Stanley Karnow
Stanley Abram Karnow (4. Februar 1925 - 27. Januar 2013) war ein amerikanischer Journalist und Historiker. Er ist vor allem für seine Schriften über Ostasien und den Vietnamkrieg bekannt.
Bildung und Karriere
Karnow wurde 1925 in Brooklyn geboren und wuchs in einer bürgerlichen, säkularen jüdischen Familie auf. Sein Vater war Maschinenverkäufer, seine Mutter, eine Einwanderin aus Ungarn, eine Hausfrau. Schon in jungen Jahren interessierte er sich für das Schreiben und schrieb an der James Madison High School in Brooklyn Hörspiele, war Sportreporter und Redakteur der Schulzeitung.

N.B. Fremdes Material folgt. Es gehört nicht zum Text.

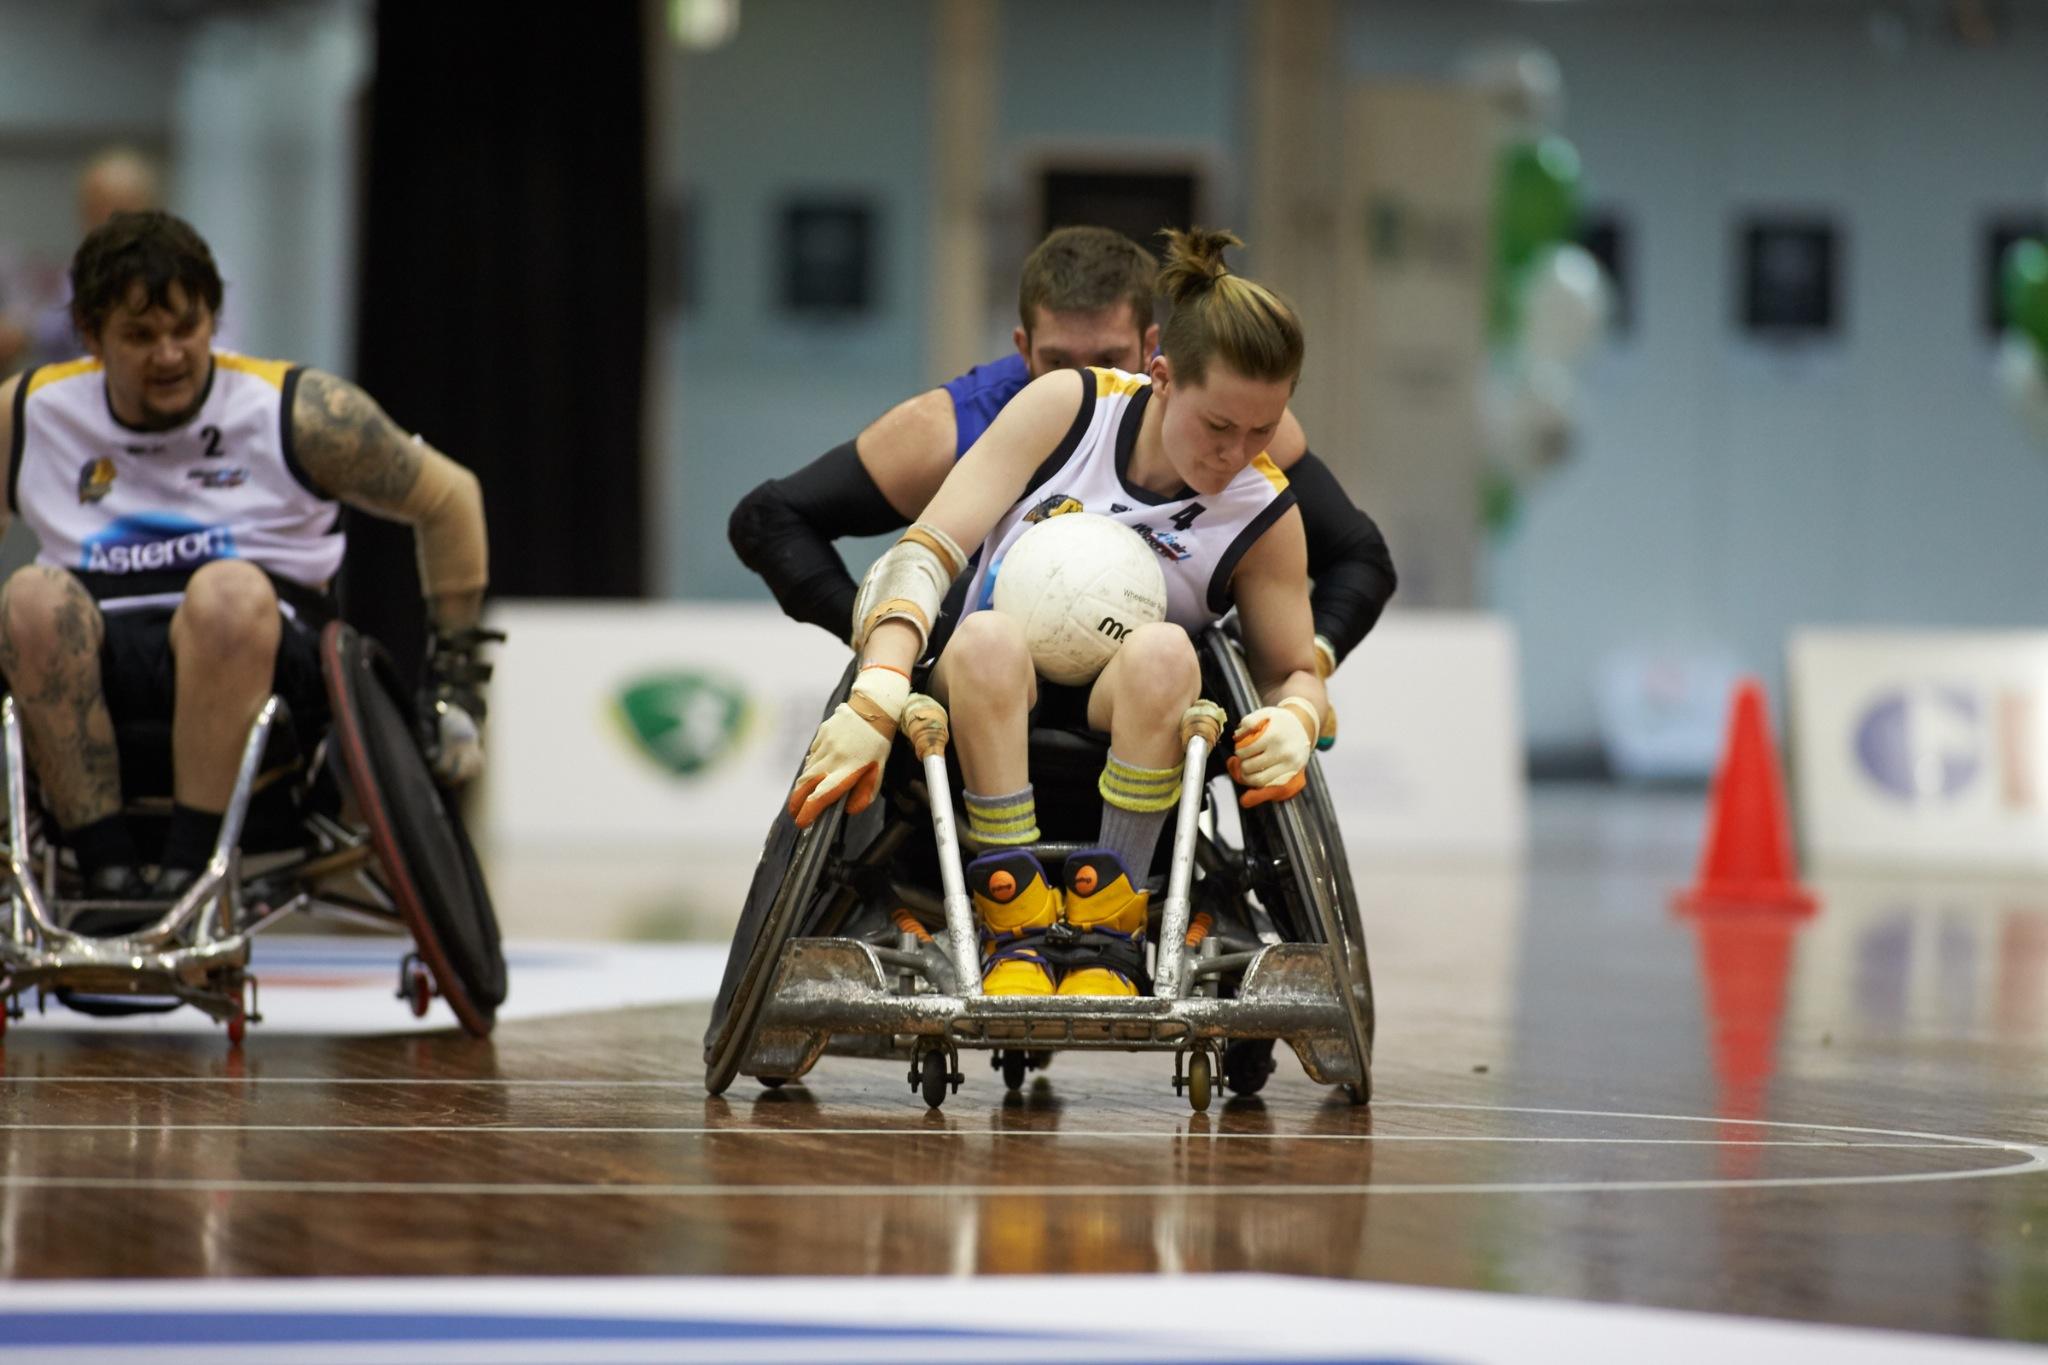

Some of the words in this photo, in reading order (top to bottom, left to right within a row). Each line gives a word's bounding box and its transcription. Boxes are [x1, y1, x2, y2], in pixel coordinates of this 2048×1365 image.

[200, 424, 224, 458] 2
[1169, 501, 1207, 531] 4
[89, 527, 227, 574] Asteron

Karnow immatrikulierte sich an der University of Iowa, verließ sie aber 1943, um im Army Air Corps zu dienen, wo er als Wetterbeobachter, Kryptograph und Einheitshistoriker an der chinesisch-indischen Grenze eingesetzt war. Nach dem Krieg besuchte er die Harvard University, wo er als Redakteur und Feuilletonist für den Harvard Crimson arbeitete und moderne europäische Geschichte und Literatur studierte. Nach seinem Abschluss 1947 ging Karnow nach Paris, wo er den Sommer über bleiben wollte, aber schließlich zehn Jahre blieb.
Journalist
Karnow besuchte die Sorbonne und das Institut d'Études Politiques im Rahmen des G.I.-Gesetzes und arbeitete als freier Journalist für den National Guardian, L'Observateur und den New Statesman. Im Jahr 1950 wurde er vom Pariser Büro des Time Magazine als "Dolmetscher, Rechercheur und Laufbursche" eingestellt, wurde aber bald zum Korrespondenten befördert und berichtete über Frankreich, Westeuropa und das frankophone Nordafrika. Nach einem Jahr in Harvard als Neiman Fellow leitete er 1958-59 das neue Time-Büro in Rabat und anschließend bis 1962 das Büro in Hongkong.
Karnow verbrachte den einflussreichsten Teil seiner Karriere als Reporter in Ost- und Südostasien. Von 1959 bis 1974 berichtete er über die Region für Time, Life, die Saturday Evening Post, den London Observer, die Washington Post und NBC News. Karnow kannte Indochina von seiner Arbeit in Paris und war im Juli 1959 in Vietnam, als die ersten Amerikaner getötet wurden. Er widmete dem Vietnamkrieg in den ersten Jahren Aufmerksamkeit, als nur wenige Amerikaner davon wussten, und berichtete während der gesamten Dauer der amerikanischen Beteiligung darüber. Er war eng befreundet mit Anthony Lewis und Bernard Kalb. Karnows Vietnam-Berichterstattung brachte ihm einen Platz auf der "Feindesliste" von Präsident Nixon ein.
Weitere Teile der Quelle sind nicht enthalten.